Action item: Where an entry contains a picture, omit the picture and repeat the rest exactly.

Provided material:
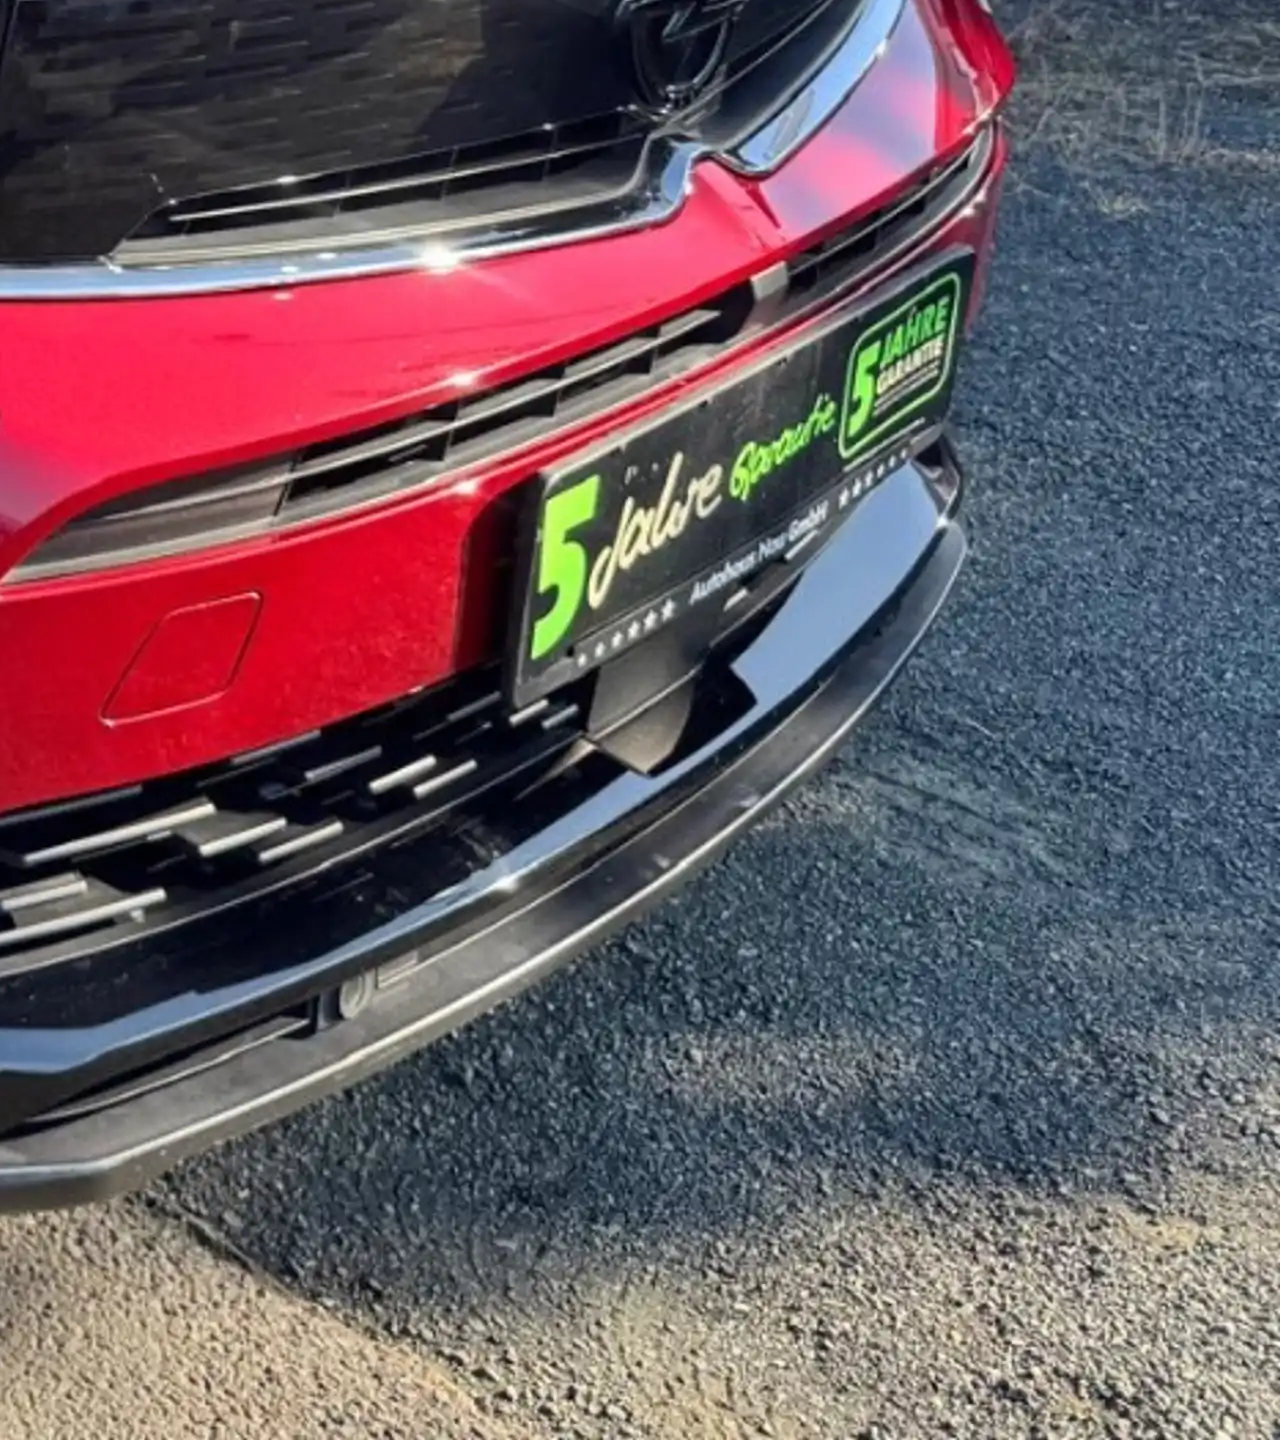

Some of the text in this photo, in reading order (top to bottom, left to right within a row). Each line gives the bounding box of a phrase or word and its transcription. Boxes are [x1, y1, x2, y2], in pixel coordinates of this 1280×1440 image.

[848, 340, 882, 437] 5
[880, 295, 950, 369] JAHRE
[531, 474, 600, 659] 5
[588, 452, 723, 609] Jahre
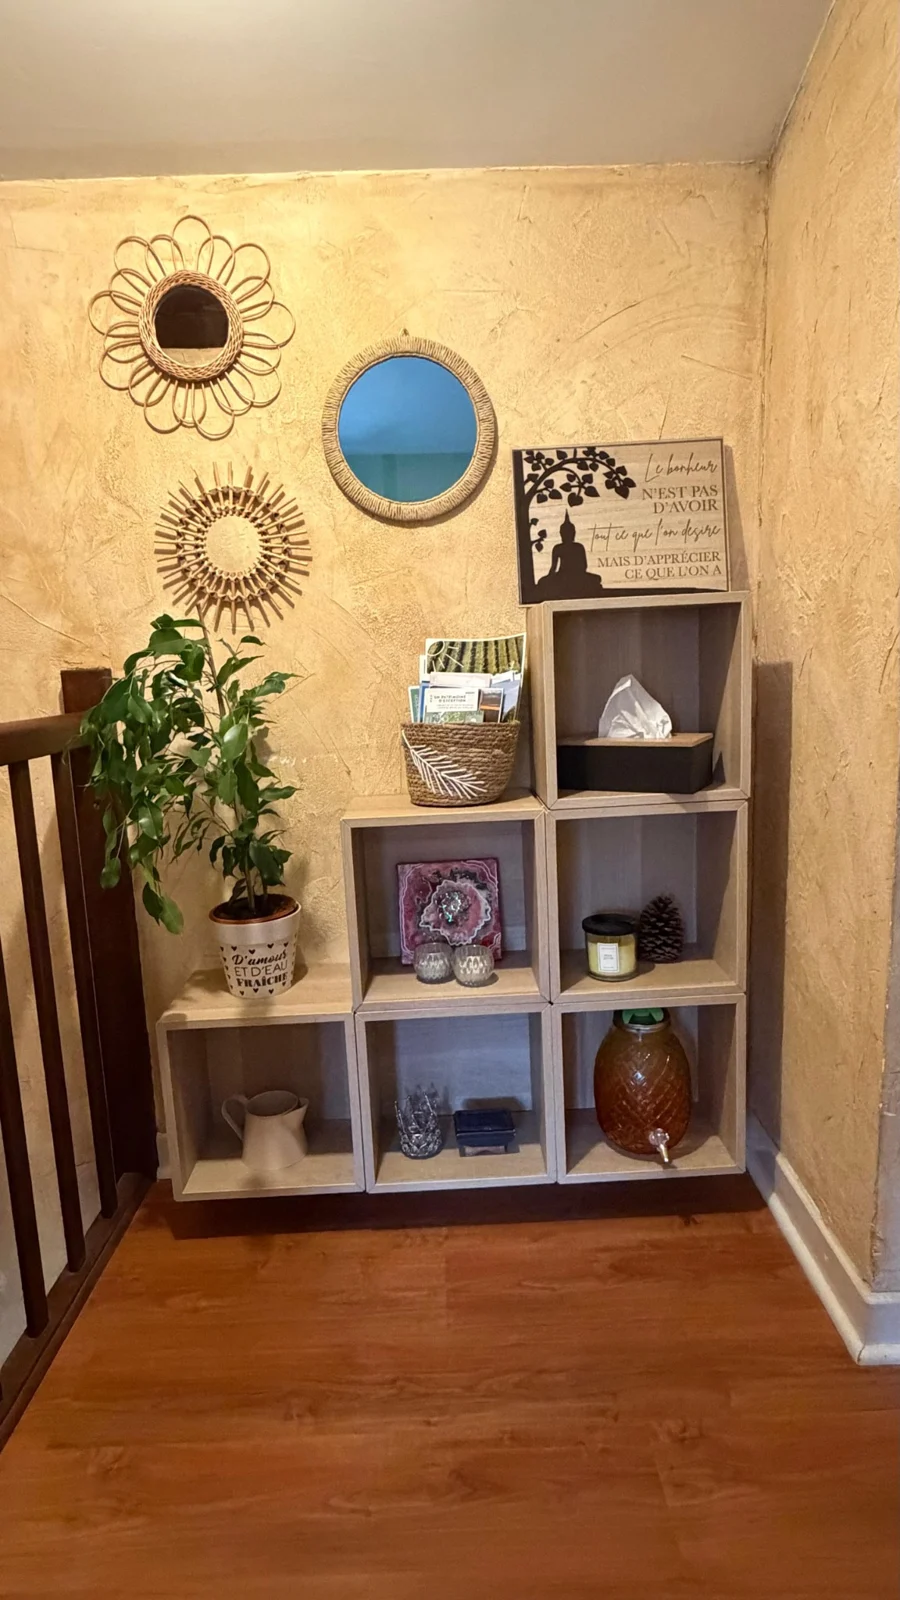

Solution:
Some of the text in this photo, in reading order (top to bottom, left to right within a row). Each line gives the bounding box of a phrase or word and its transcription. Boxes are [x1, y1, x2, y2], in pixel coordinates of this 1280×1440 image.

[848, 340, 882, 437] 5
[880, 295, 950, 369] JAHRE
[531, 474, 600, 659] 5
[588, 452, 723, 609] Jahre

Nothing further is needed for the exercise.